«Tutti i datori di lavoro che hanno rapporti con la Pubblica amministrazione dovrebbero essere obbligati ad assumere almeno il 30% di donne e giovani». L’appello arriva dal ministro del Lavoro Andrea Orlando in un’intervista a Metropolis (il podcast del gruppo Gedi), riportata su Repubblica, il giorno successivo alla pubblicazione dei dati sull’occupazione di dicembre 2021. Dati che registrano un rallentamento della crescita, concentrata su giovani e donne, con un aumento dei soli contratti a termine.
I dati Istat dicono che il Paese è tornato ad avere un tasso di occupazione pari a quello del febbraio 2020, ma mancano all’appello ancora 286mila posti di lavoro rispetto al periodo pre pandemia.
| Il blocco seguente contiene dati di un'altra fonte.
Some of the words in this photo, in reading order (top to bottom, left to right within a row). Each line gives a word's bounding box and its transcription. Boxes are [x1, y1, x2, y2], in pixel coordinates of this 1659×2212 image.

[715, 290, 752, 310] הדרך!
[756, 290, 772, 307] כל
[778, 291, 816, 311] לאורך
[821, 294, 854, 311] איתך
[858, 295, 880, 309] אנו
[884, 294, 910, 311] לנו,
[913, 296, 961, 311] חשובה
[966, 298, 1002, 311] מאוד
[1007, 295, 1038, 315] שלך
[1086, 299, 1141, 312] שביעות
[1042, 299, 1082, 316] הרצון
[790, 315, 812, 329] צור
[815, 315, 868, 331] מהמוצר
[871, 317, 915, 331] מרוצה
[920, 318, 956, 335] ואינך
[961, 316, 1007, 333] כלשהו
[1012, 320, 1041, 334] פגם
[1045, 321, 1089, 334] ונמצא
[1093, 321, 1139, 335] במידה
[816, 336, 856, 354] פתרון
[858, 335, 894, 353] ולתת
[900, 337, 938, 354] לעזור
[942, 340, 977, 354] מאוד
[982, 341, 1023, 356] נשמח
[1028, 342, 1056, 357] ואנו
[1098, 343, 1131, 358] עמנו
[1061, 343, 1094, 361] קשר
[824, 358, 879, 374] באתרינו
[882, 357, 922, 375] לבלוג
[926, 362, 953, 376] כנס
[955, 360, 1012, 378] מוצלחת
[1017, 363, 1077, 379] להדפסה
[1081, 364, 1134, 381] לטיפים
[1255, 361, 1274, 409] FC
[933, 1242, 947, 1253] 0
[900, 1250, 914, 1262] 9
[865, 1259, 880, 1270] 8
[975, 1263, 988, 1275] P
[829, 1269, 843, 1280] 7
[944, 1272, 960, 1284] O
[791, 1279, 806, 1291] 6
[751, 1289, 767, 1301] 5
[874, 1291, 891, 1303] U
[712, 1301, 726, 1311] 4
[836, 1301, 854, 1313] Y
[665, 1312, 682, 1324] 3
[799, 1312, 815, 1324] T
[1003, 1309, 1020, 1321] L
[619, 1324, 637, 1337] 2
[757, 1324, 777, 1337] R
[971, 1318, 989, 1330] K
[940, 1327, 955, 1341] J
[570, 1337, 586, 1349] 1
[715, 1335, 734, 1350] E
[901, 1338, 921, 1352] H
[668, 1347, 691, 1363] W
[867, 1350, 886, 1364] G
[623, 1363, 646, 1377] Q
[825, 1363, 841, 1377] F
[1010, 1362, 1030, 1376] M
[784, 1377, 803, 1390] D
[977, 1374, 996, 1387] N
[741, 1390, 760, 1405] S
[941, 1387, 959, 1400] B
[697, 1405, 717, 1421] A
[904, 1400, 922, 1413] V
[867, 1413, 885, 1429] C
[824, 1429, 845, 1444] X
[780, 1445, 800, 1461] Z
Questo perché nel frattempo la popolazione italiana in età da lavoro è diminuita di oltre 490mila unità.
«È un tema drammatico e la curva demografica lo rende ancora più complicato. Avremo una generazione che rischia di essere sempre più marginale nel mondo del lavoro. Sui nostri giovani si scaricano molto facilmente pesi e contraddizioni così loro, come accade già da tempo, raggiunto un certo livello di competenze, se ne vanno. È drammatico», dice Orlando. Ora però «il Pnrr ci dà una grande occasione. Noi abbiamo messo alcune clausole ai bandi: il 30% delle assunzioni dovrà essere riservato a donne e giovani, su questo dovremmo vigilare con attenzione. Regole che andrebbero estese a tutti i bandi pubblici. Perché sarebbe importante che tutti quelli che hanno a che fare con la Pubblica amministrazione si impegnino a contribuire».
Sul recupero lento dell’occupazione femminile, che più ha subito gli effetti della crisi Covid, Orlando dice: «Dobbiamo assolutamente migliorare le infrastrutture sociali e la qualità del lavoro. Il tasso di occupazione femminile è più alto nei Paesi in cui ci sono più asili nido. Se costrette a scegliere tra lavoro e famiglia, tante sono obbligate a rimanere a casa rinunciando alla carriera. E questo pesa anche sulla composizione della classe dirigente».
E la qualità del lavoro è l’altro aspetto di cui bisogna tenere conto. «Donne e giovani hanno troppo spesso lavori precari, che hanno perso durante questi due anni terribili», spiega il ministro. «Non possiamo pensare che la competitività in Italia si realizzi tutta con un dumping sul costo del lavoro e con la riduzione delle garanzie per alcuni comparti produttivi».
Il punto è la questione dei salari. «Mediamente i nostri giovani entrano nel mondo del lavoro con stipendi molto più bassi dei Paesi concorrenti», dice Orlando. «Un problema che dobbiamo affrontare nonostante la crisi sociale che stiamo attraversando. Non possiamo fregarcene».
Ma in questo quadro, secondo Orlando, serve però mantenere il reddito di cittadinanza. «Credo che il vero errore sia stato raccontarlo come una leva che poteva riempire il vuoto delle politiche attive del lavoro», spiega. «È evidente che serve uno strumento per affrontare il tema della povertà e aiutare le persone che si trovano in condizioni di marginalità, che hanno perso il posto di lavoro e che forse non riusciranno mai più a trovarlo. Uno strumento simile c’è in quasi tutti i Paesi europei».
Ora nel Pnrr ci sono 4,4 miliardi di euro destinati al programma Gol, Garanzia per l’occupabilità dei lavoratori, destinati al reinserimento lavorativo dei disoccupati e dei beneficiari di ammortizzatori sociali. «Sono risorse che serviranno a seguire i lavoratori che perdono il posto. Saranno cinque le tipologie, dalla formazione all’aggiornamento, e si accompagneranno agli ammortizzatori sociali e al sostegno al reddito, anche con percorsi collettivi. Prendiamo ad esempio alcune grandi crisi industriali: nel caso arrivi un nuovo imprenditore, andremo a sostenere la formazione necessaria per il cambio dell’attività dei lavoratori», spiega il ministro.
E proprio la tenuta del Pnrr, secondo il ministro, è la ragione per cui non sarebbe stato giusto mandare il premier Mario Draghi al Quirinale: «Credo ci fossero solide ragioni per nutrire delle riserve su questa possibilità per l’inevitabile cambio di governo che ne sarebbe conseguito. È già stato difficile scegliere un presidente della Repubblica e credo che sarebbe stato ancora più difficile scegliere anche un governo che avrebbe dovuto portarci almeno fino alla prima tappa del Pnrr, a giugno. Il margine di rischio era molto grande». certo, aggiunge, «non escludo che Letta abbia ritenuto, come molti di noi, che Draghi sarebbe stato un ottimo presidente della Repubblica, ma verificando le posizioni degli altri è emerso che l’ipotesi era impraticabile».